Collected data:
□ □ □

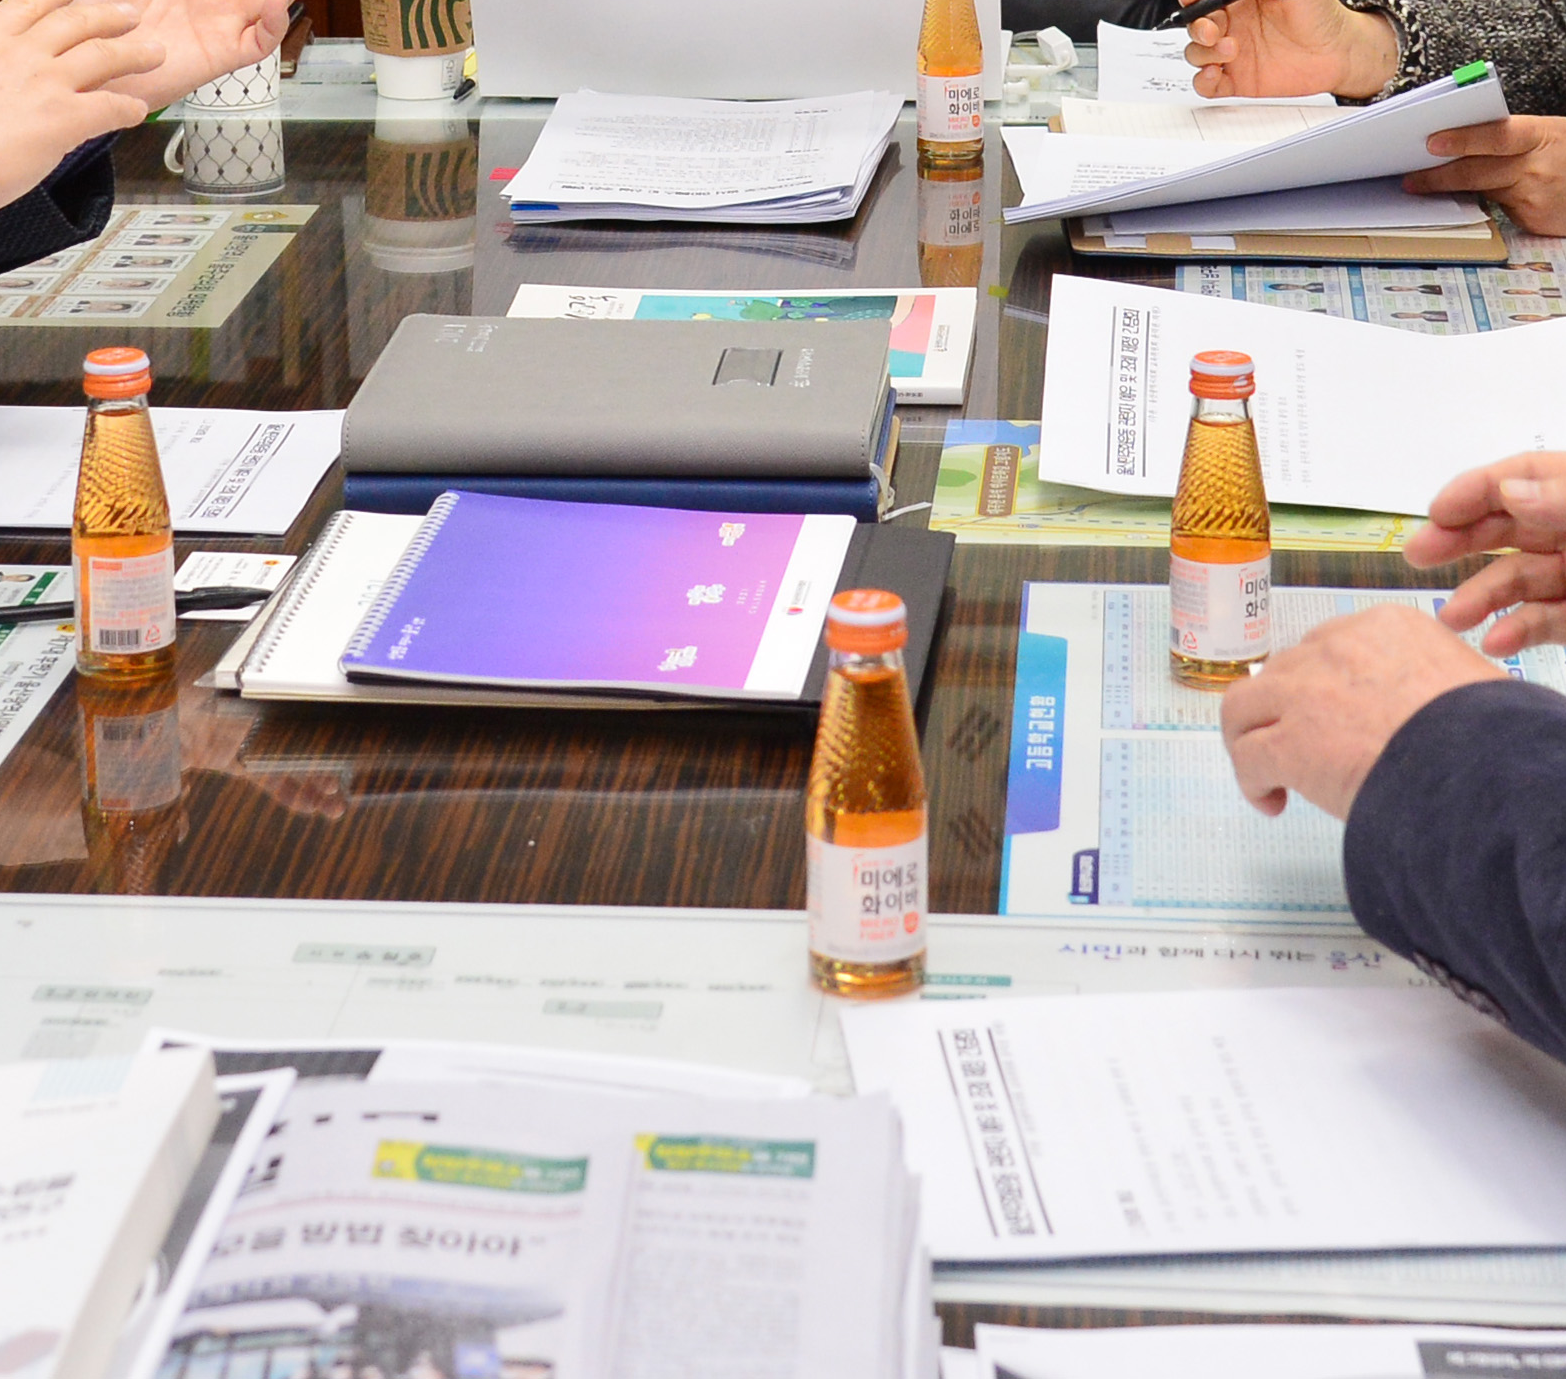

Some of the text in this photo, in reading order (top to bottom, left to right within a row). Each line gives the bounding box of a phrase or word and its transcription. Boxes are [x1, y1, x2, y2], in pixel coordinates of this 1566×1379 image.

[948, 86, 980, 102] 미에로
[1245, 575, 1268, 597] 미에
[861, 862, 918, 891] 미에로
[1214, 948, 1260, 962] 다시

□ □ □

◆ Brief: Print every line above exactly as given, but not the pictures.

◆ Solution:
Some of the text in this photo, in reading order (top to bottom, left to right within a row). Each line gives the bounding box of a phrase or word and its transcription. Boxes are [x1, y1, x2, y2], in pixel coordinates of this 1566×1379 image.

[948, 86, 980, 102] 미에로
[1245, 575, 1268, 597] 미에
[861, 862, 918, 891] 미에로
[1214, 948, 1260, 962] 다시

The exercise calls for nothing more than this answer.